What the task requires: Within the entries below, find the lines that hold "STONEWALL" and report only how many there are.

Data provided:
========
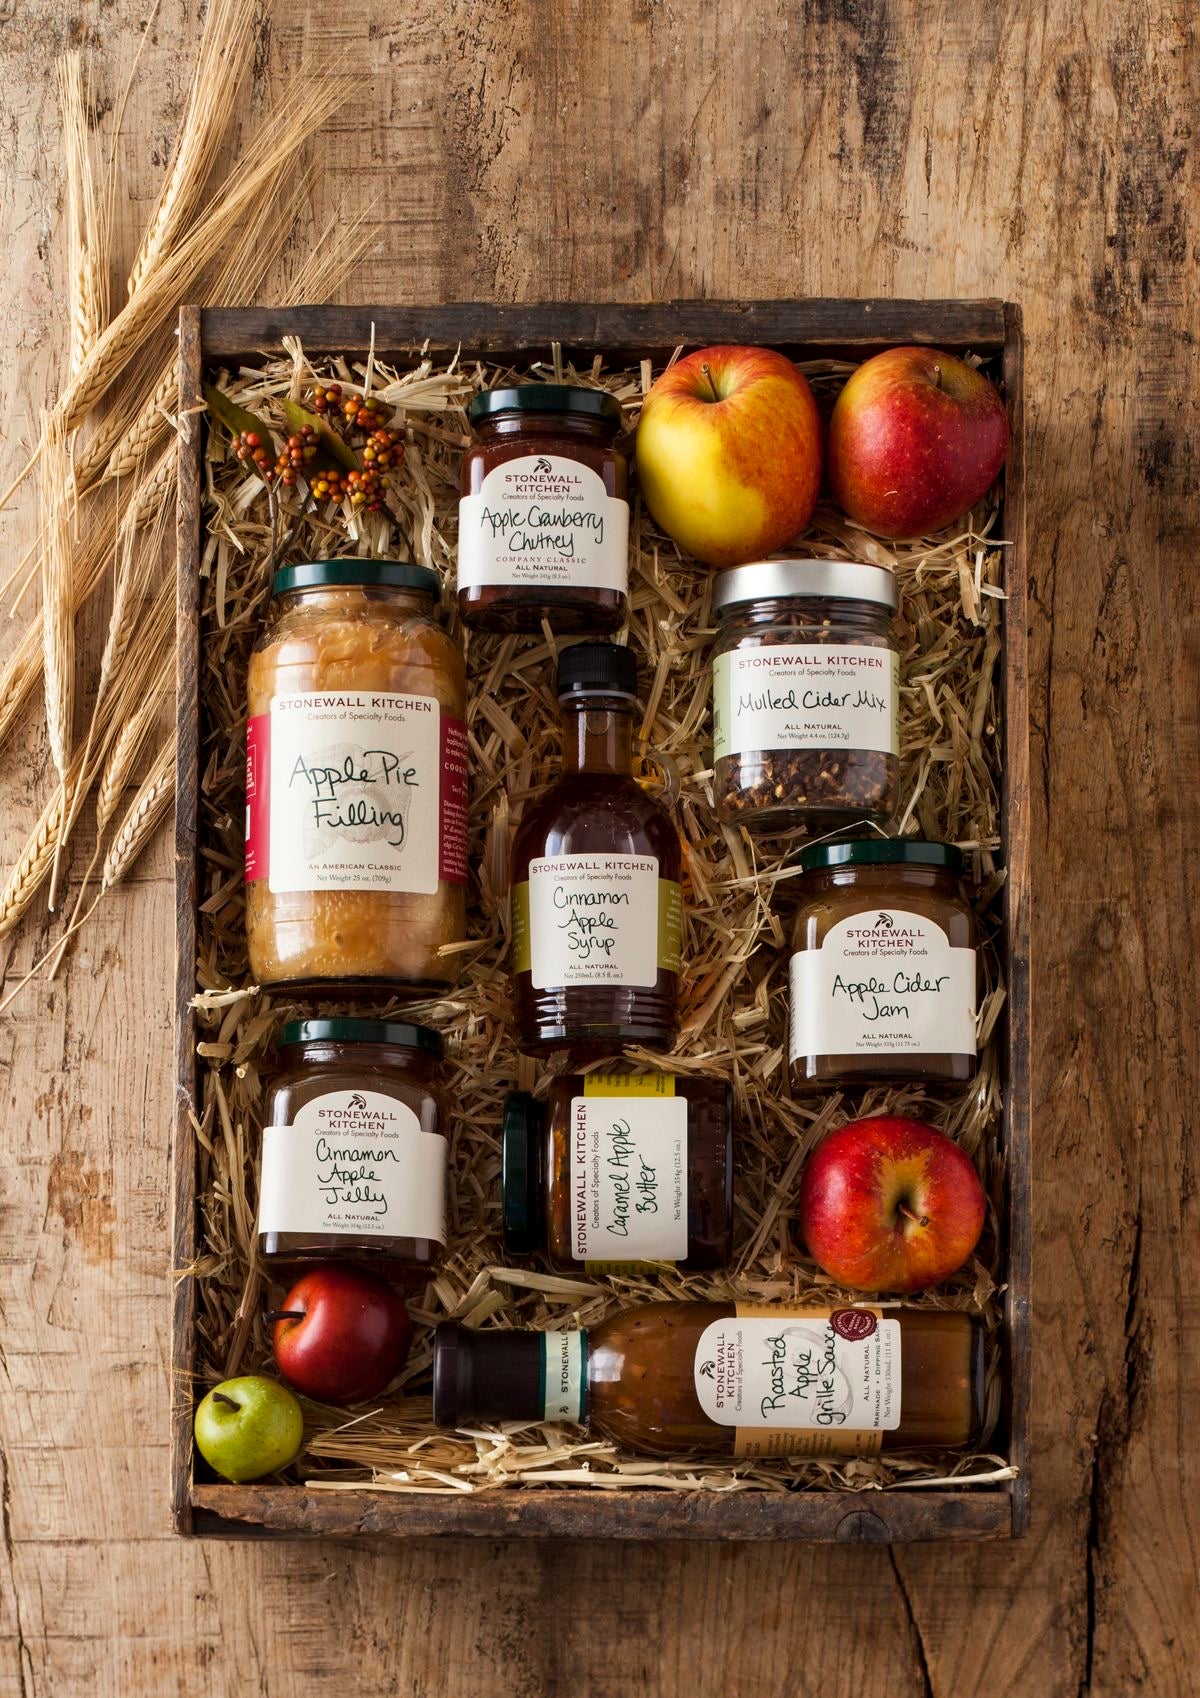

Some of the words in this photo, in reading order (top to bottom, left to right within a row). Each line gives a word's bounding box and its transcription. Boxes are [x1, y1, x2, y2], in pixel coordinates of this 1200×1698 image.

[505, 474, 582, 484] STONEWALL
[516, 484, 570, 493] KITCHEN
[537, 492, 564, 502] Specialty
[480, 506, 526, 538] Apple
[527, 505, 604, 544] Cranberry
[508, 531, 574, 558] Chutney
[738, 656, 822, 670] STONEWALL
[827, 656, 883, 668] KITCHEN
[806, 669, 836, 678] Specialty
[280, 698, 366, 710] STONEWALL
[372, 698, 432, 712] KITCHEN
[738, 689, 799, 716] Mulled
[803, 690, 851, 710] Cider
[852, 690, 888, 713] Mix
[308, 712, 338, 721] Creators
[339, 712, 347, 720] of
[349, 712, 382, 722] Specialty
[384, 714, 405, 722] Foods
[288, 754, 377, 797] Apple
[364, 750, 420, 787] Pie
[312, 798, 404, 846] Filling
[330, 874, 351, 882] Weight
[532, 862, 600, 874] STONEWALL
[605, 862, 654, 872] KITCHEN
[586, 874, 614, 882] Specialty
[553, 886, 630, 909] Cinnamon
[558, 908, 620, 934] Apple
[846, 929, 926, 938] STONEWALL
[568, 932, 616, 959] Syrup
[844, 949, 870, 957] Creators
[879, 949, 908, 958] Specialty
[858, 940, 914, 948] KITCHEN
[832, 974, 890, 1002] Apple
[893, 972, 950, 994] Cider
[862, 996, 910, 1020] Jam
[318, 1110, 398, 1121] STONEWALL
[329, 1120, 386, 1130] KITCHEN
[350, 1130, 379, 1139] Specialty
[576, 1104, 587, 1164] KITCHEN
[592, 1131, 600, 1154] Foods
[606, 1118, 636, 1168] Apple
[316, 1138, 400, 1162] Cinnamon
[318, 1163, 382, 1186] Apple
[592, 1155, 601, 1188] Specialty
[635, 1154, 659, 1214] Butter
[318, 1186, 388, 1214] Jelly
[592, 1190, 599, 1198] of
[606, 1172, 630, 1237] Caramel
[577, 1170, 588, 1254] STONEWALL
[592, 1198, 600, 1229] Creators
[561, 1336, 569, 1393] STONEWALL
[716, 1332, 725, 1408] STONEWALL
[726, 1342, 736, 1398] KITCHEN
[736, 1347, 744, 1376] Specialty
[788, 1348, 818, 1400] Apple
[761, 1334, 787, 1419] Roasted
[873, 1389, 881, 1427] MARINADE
========
Reply to the exercise: 9